Directions for this task » From the line containing "Some of the text" through the last line of the records, print every line exactly and nothing more.

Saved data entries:
┌────────
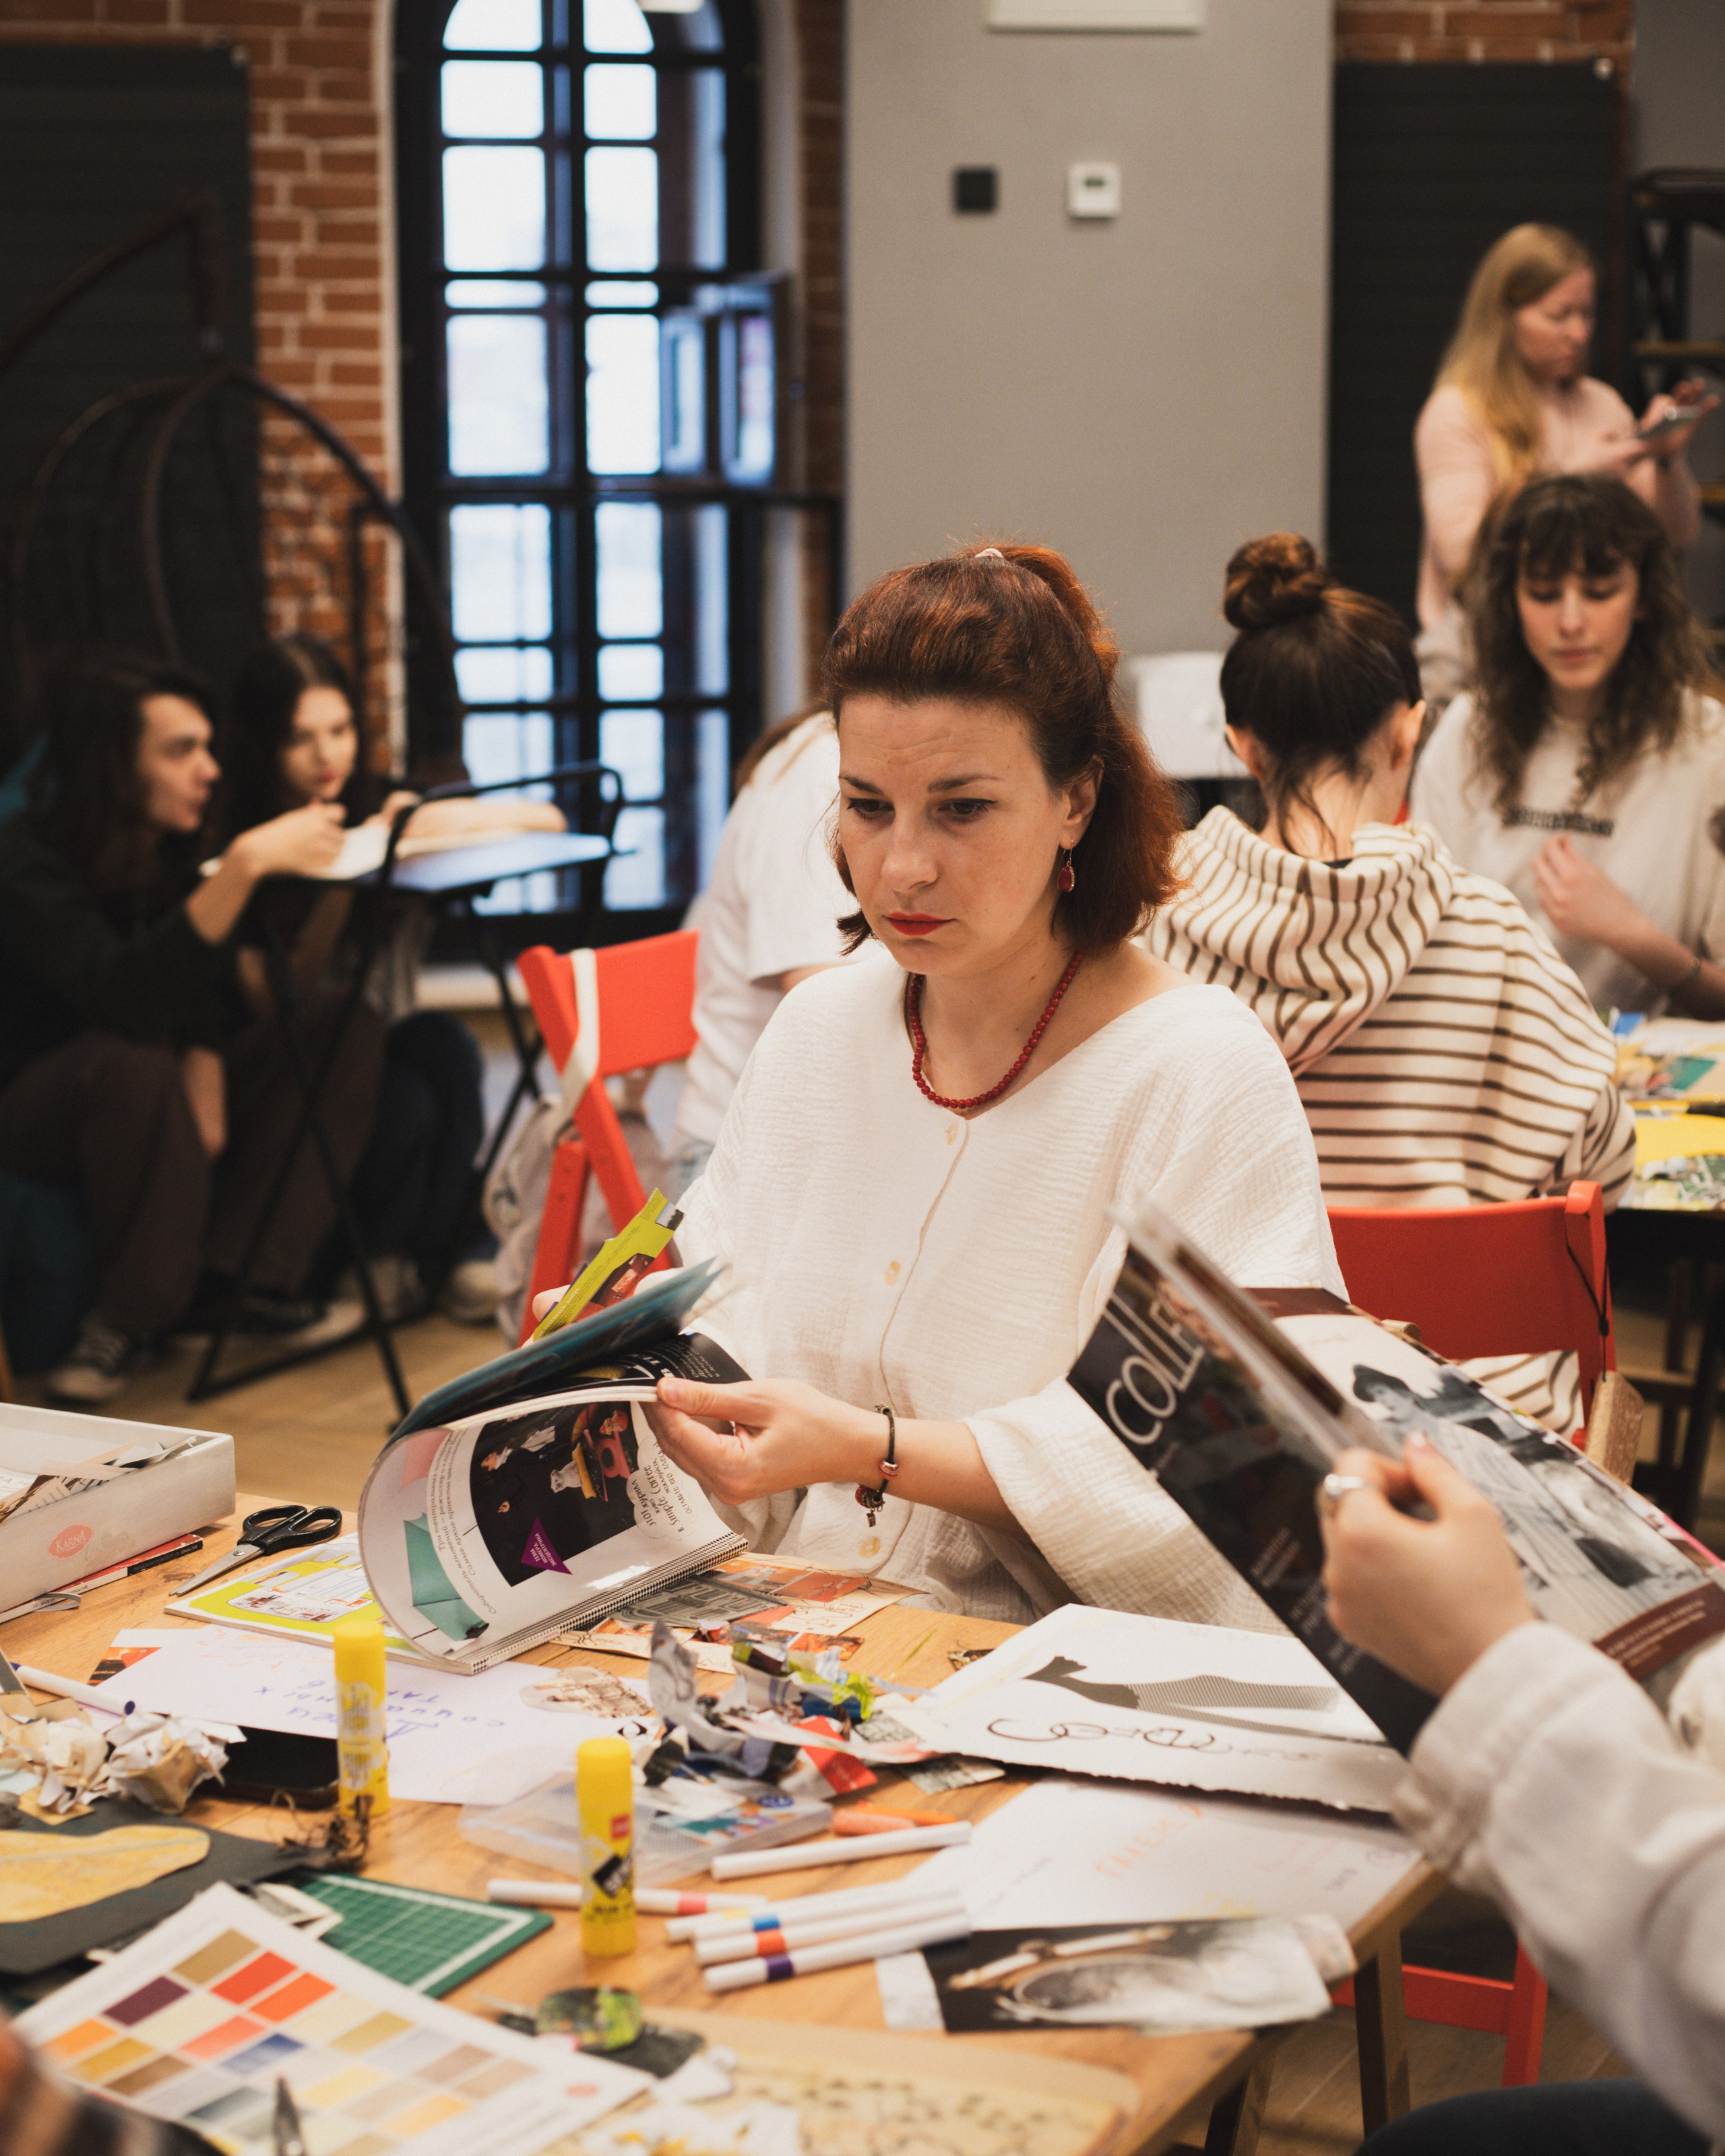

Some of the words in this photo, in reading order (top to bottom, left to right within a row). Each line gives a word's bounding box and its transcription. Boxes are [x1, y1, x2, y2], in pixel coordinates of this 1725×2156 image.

[446, 1482, 454, 1519] проекты
[658, 1496, 680, 1525] Simple
[56, 1529, 86, 1552] KARNA
[437, 1535, 445, 1551] Три
[442, 1526, 462, 1568] мгновений
[451, 1521, 462, 1546] яркие
[460, 1548, 476, 1576] Самые
[530, 1548, 540, 1562] ТЕМА
[462, 1571, 497, 1614] Собиратель
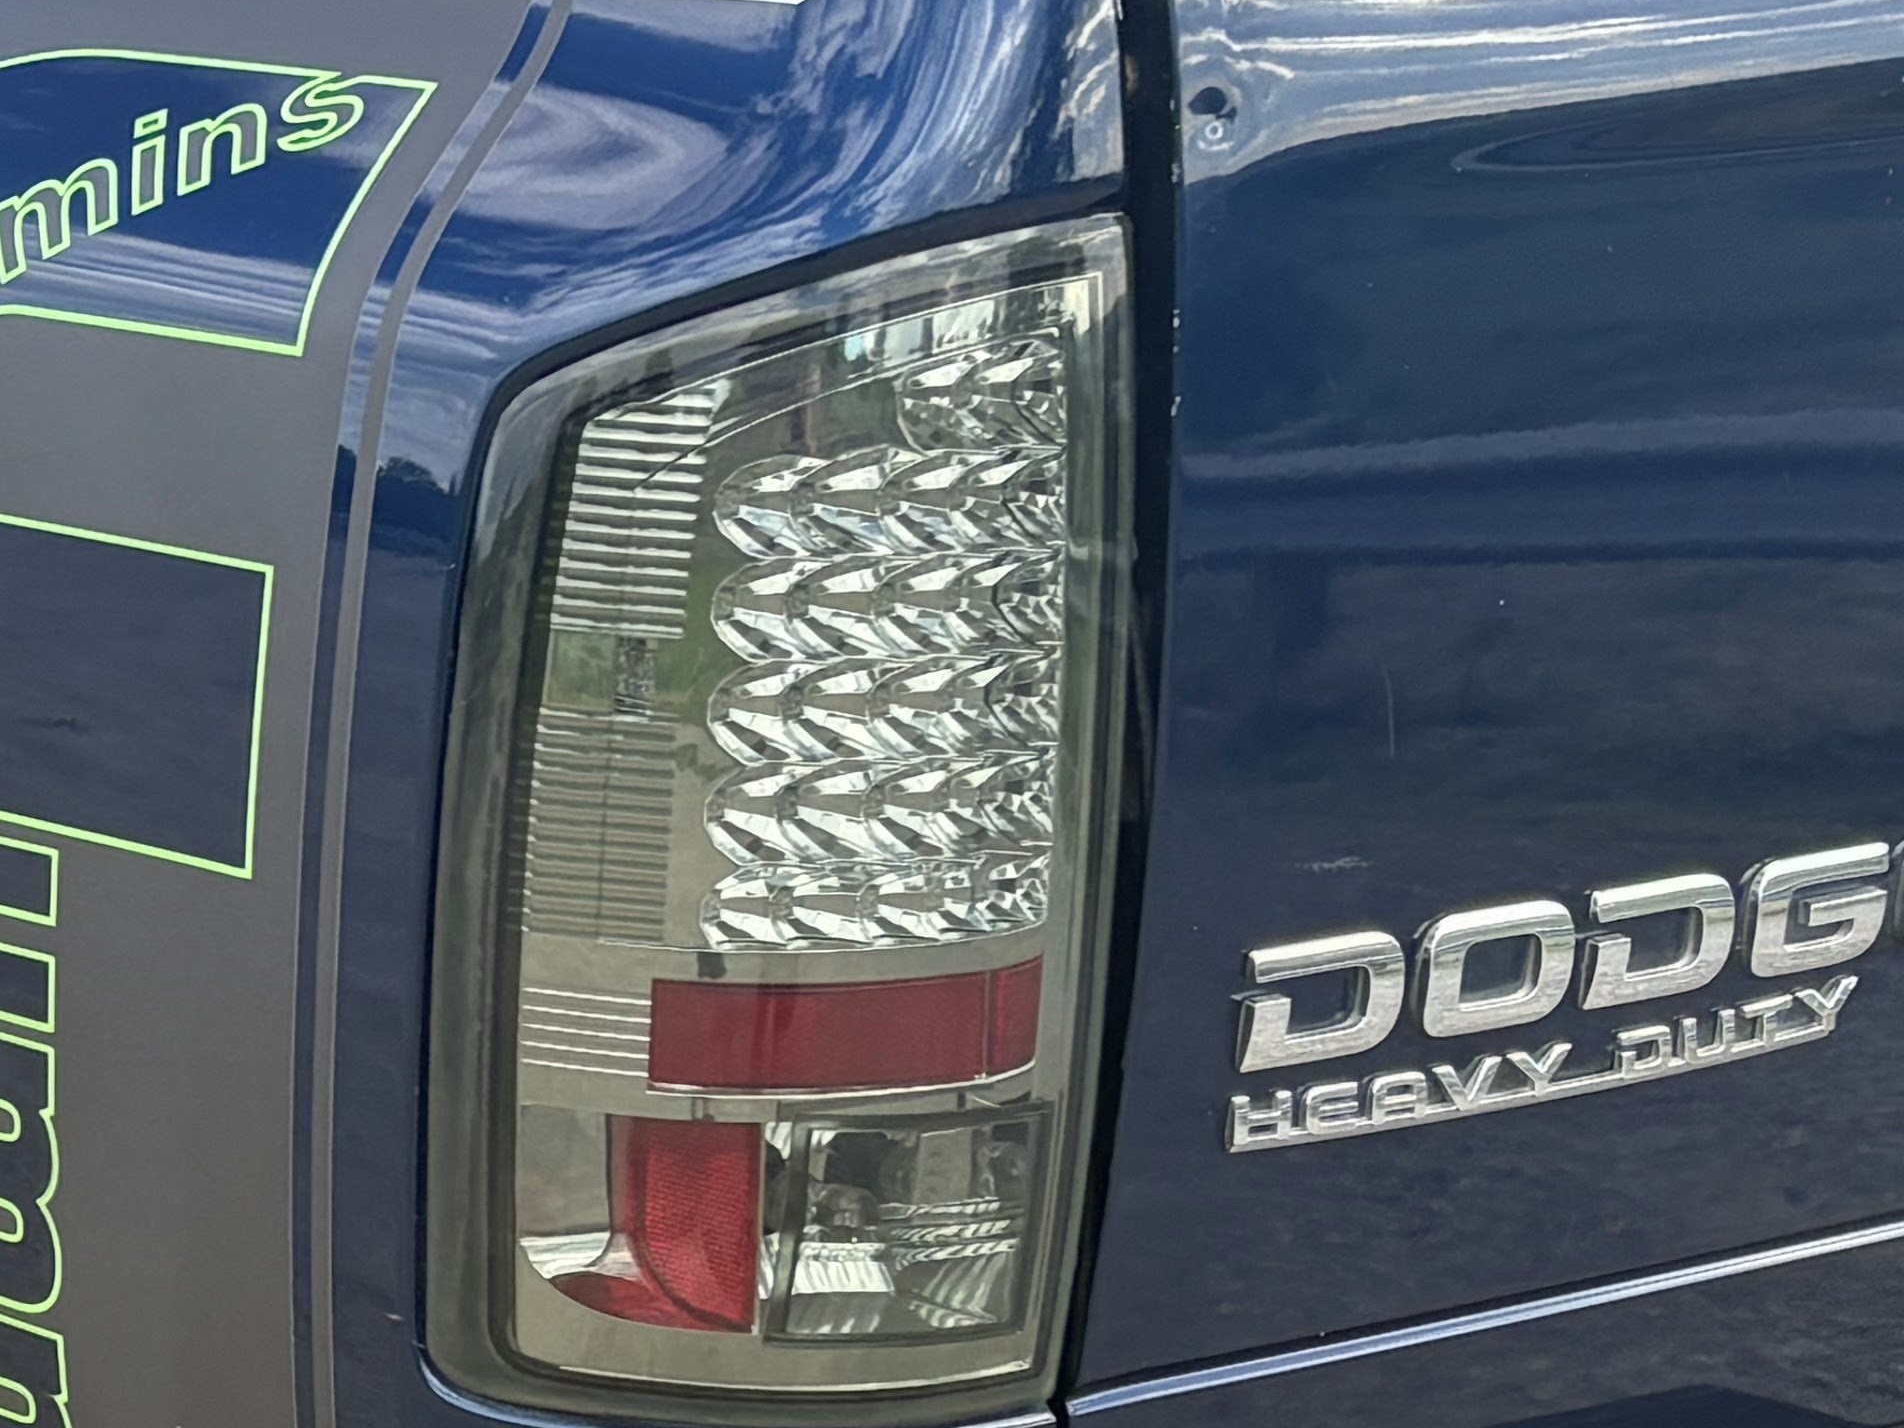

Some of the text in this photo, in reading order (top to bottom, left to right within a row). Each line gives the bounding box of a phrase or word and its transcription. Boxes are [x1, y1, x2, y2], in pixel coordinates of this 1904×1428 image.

[1236, 839, 1904, 1074] DODG
[1227, 974, 1859, 1153] HEAVY DUTY
└────────
Solution below »
Some of the text in this photo, in reading order (top to bottom, left to right within a row). Each line gives the bounding box of a phrase or word and its transcription. Boxes are [x1, y1, x2, y2], in pixel coordinates of this 1904×1428 image.

[1236, 839, 1904, 1074] DODG
[1227, 974, 1859, 1153] HEAVY DUTY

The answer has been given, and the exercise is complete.